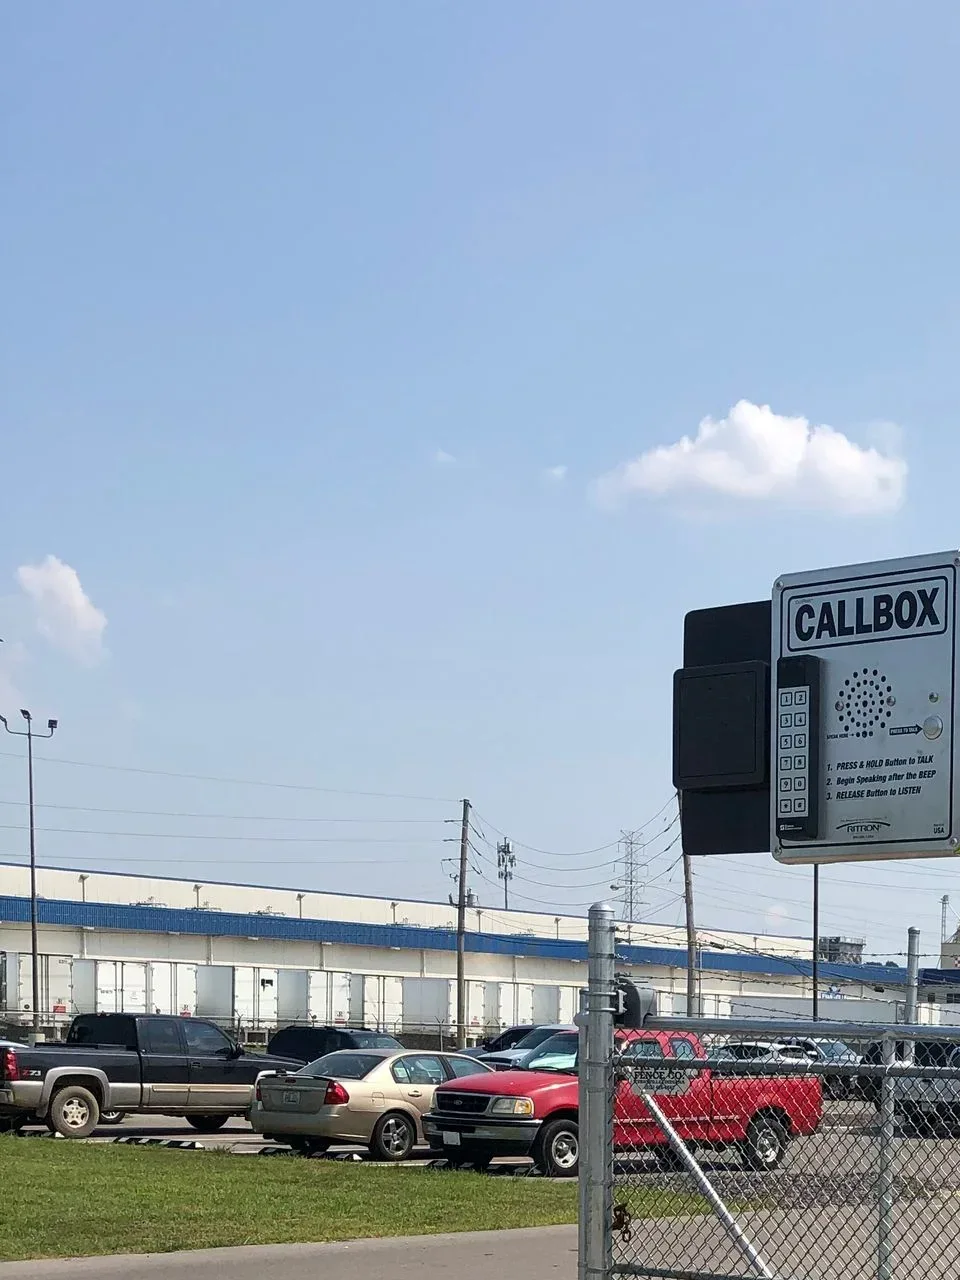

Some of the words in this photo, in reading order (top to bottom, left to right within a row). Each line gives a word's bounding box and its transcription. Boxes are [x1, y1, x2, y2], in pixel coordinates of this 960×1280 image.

[795, 587, 940, 642] CALLBOX
[826, 763, 833, 772] 1.
[836, 761, 858, 771] PRESS
[859, 760, 865, 769] &
[865, 759, 884, 768] HOLD
[885, 758, 907, 767] Button
[908, 757, 916, 765] to
[917, 755, 935, 764] TALK
[826, 778, 833, 786] 2.
[836, 776, 855, 786] Begin
[856, 774, 887, 785] Speaking
[888, 772, 905, 781] after
[905, 771, 917, 780] the
[918, 770, 937, 779] BEEP
[826, 792, 832, 800] 3.
[836, 790, 865, 800] RELEASE
[866, 788, 888, 798] Button
[889, 788, 897, 796] to
[898, 786, 921, 795] LISTEN
[846, 824, 880, 833] RITRON
[634, 1071, 665, 1080] FENCE
[667, 1071, 685, 1080] CO.
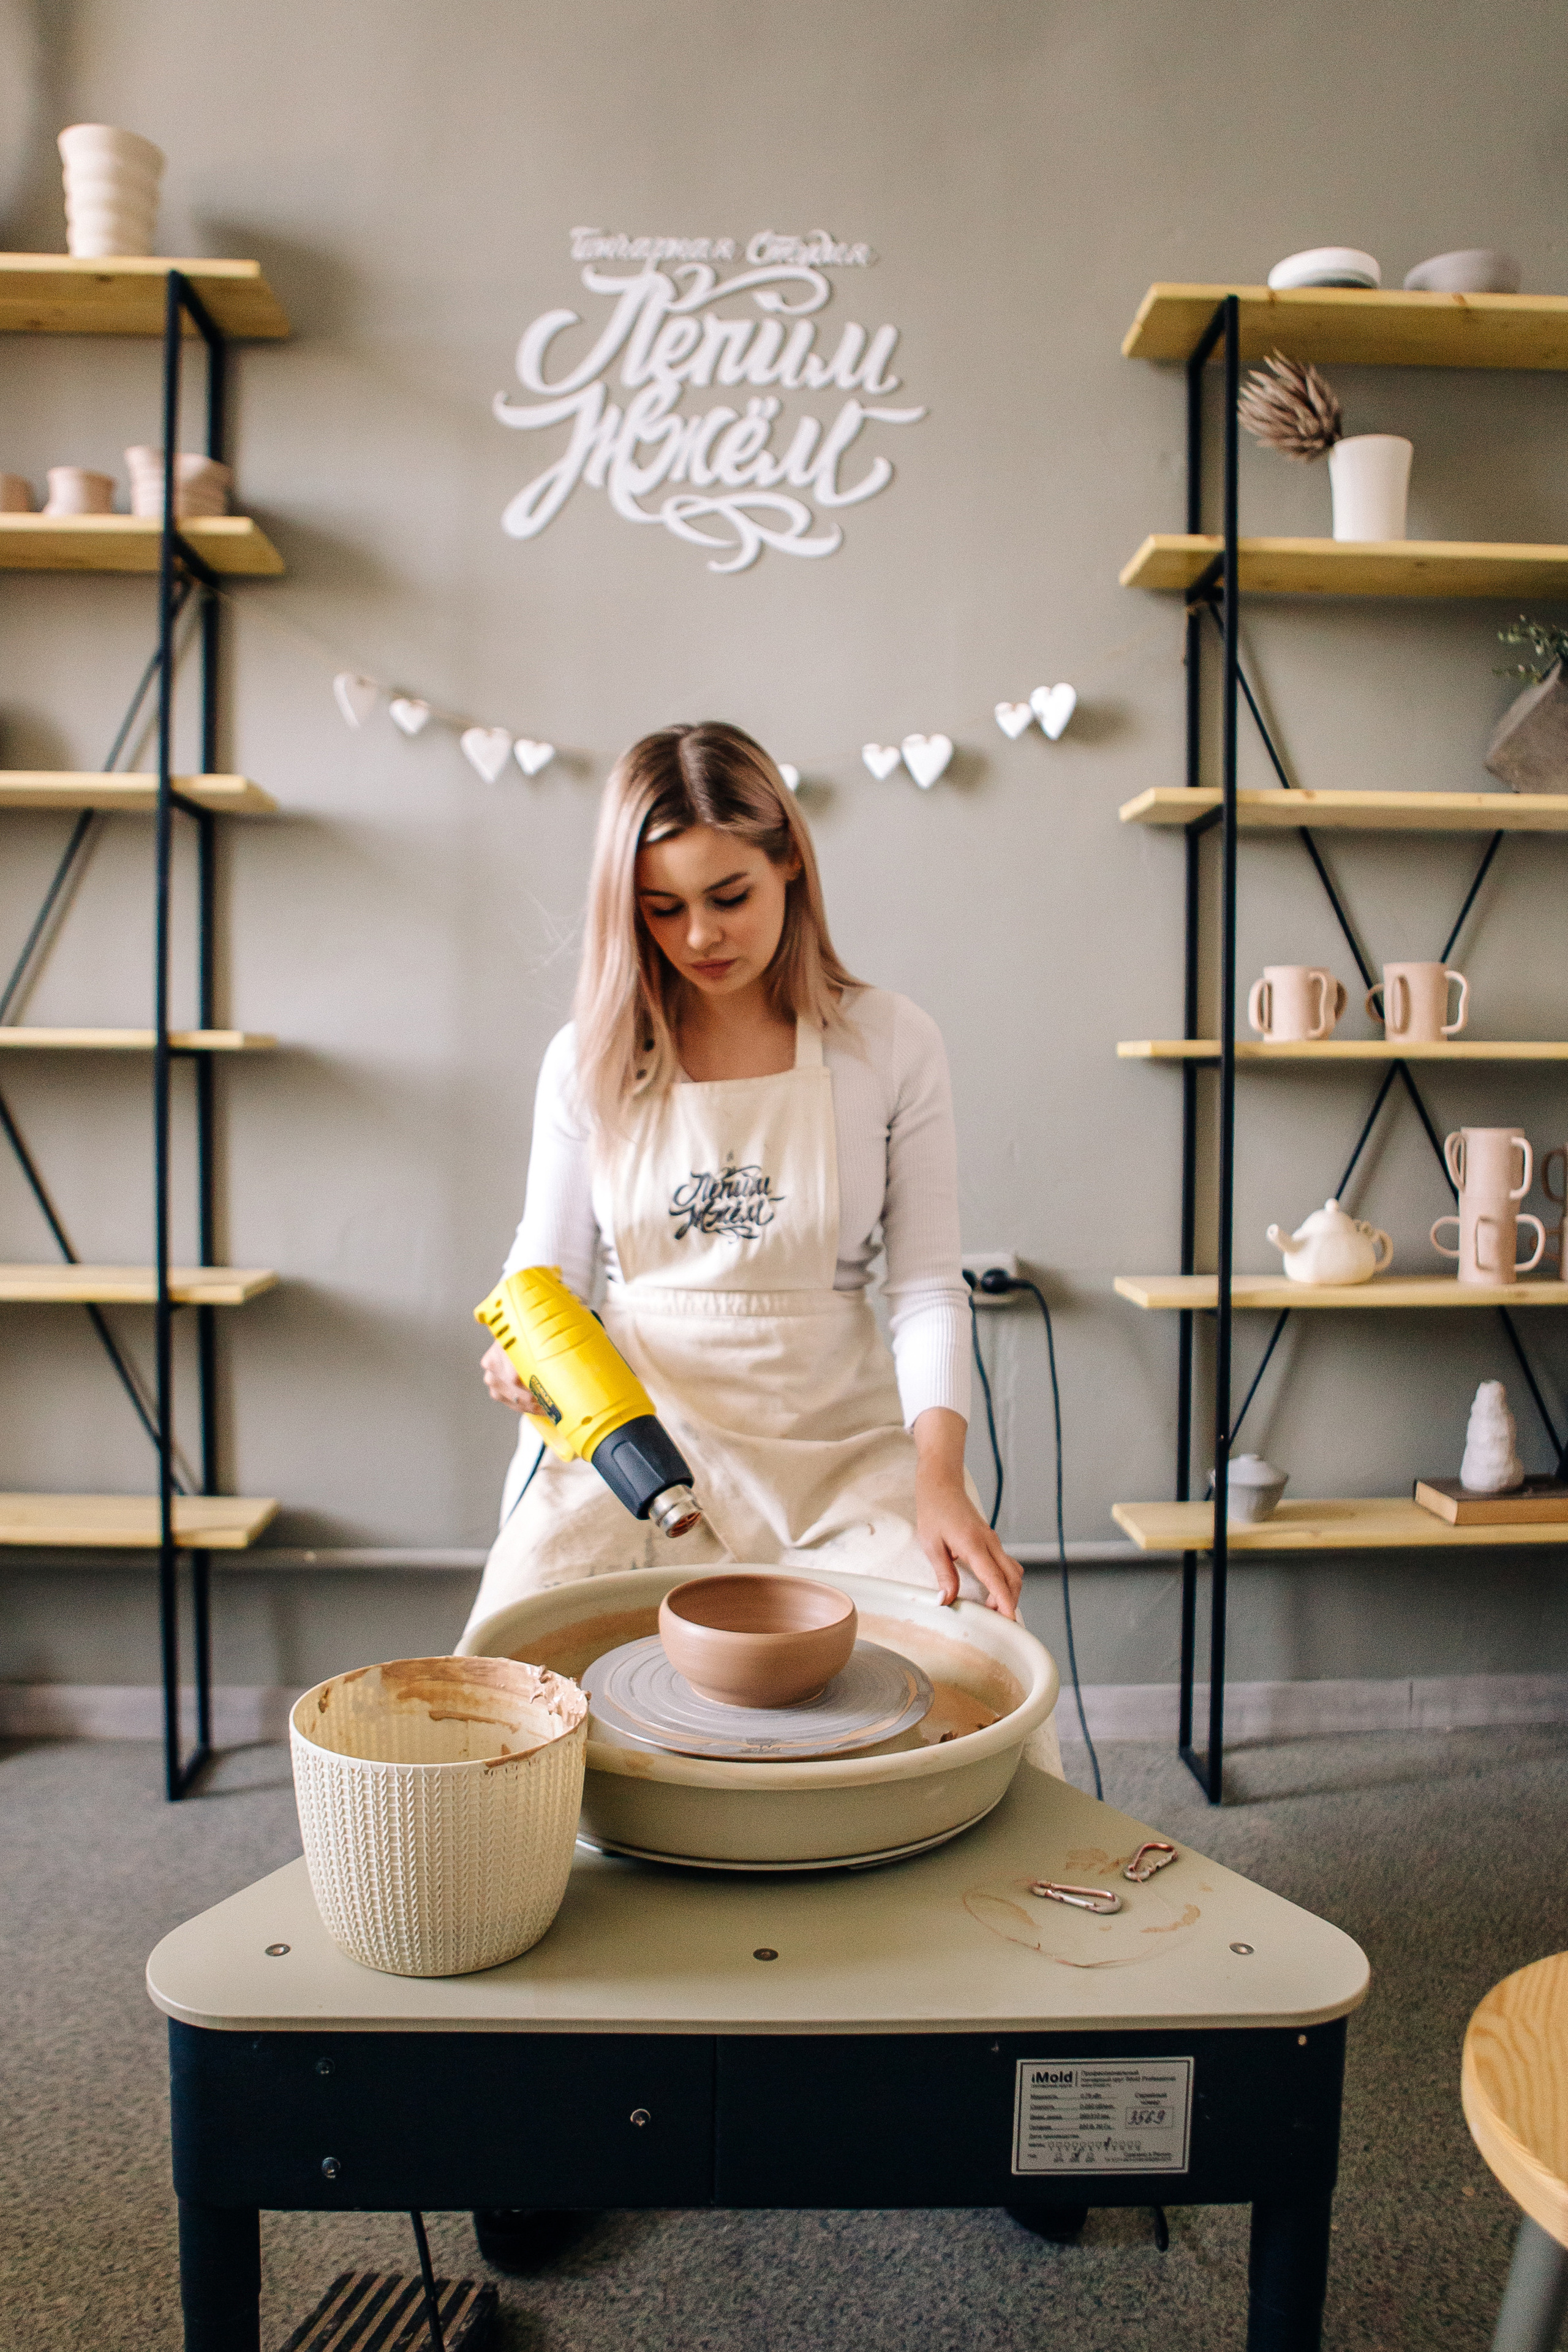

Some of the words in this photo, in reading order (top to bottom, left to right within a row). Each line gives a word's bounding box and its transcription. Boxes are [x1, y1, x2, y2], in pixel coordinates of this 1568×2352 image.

[515, 260, 903, 396] Лепим
[673, 1164, 772, 1207] Лепим
[1031, 2071, 1072, 2083] iMold
[1128, 2109, 1166, 2125] 3569

^^^^

Problem to solve.
When you transcribe the entries above, keep every word exact and leave out the pictures.

Task output.
Some of the words in this photo, in reading order (top to bottom, left to right within a row). Each line gives a word's bounding box and its transcription. Boxes are [x1, y1, x2, y2], in pixel coordinates of this 960×1280 image.

[795, 587, 940, 642] CALLBOX
[826, 763, 833, 772] 1.
[836, 761, 858, 771] PRESS
[859, 760, 865, 769] &
[865, 759, 884, 768] HOLD
[885, 758, 907, 767] Button
[908, 757, 916, 765] to
[917, 755, 935, 764] TALK
[826, 778, 833, 786] 2.
[836, 776, 855, 786] Begin
[856, 774, 887, 785] Speaking
[888, 772, 905, 781] after
[905, 771, 917, 780] the
[918, 770, 937, 779] BEEP
[826, 792, 832, 800] 3.
[836, 790, 865, 800] RELEASE
[866, 788, 888, 798] Button
[889, 788, 897, 796] to
[898, 786, 921, 795] LISTEN
[846, 824, 880, 833] RITRON
[634, 1071, 665, 1080] FENCE
[667, 1071, 685, 1080] CO.

Some of the words in this photo, in reading order (top to bottom, left to right within a row). Each line gives a word's bounding box and its transcription. Boxes are [x1, y1, x2, y2], in pixel coordinates of this 1568×2352 image.

[515, 260, 903, 396] Лепим
[673, 1164, 772, 1207] Лепим
[1031, 2071, 1072, 2083] iMold
[1128, 2109, 1166, 2125] 3569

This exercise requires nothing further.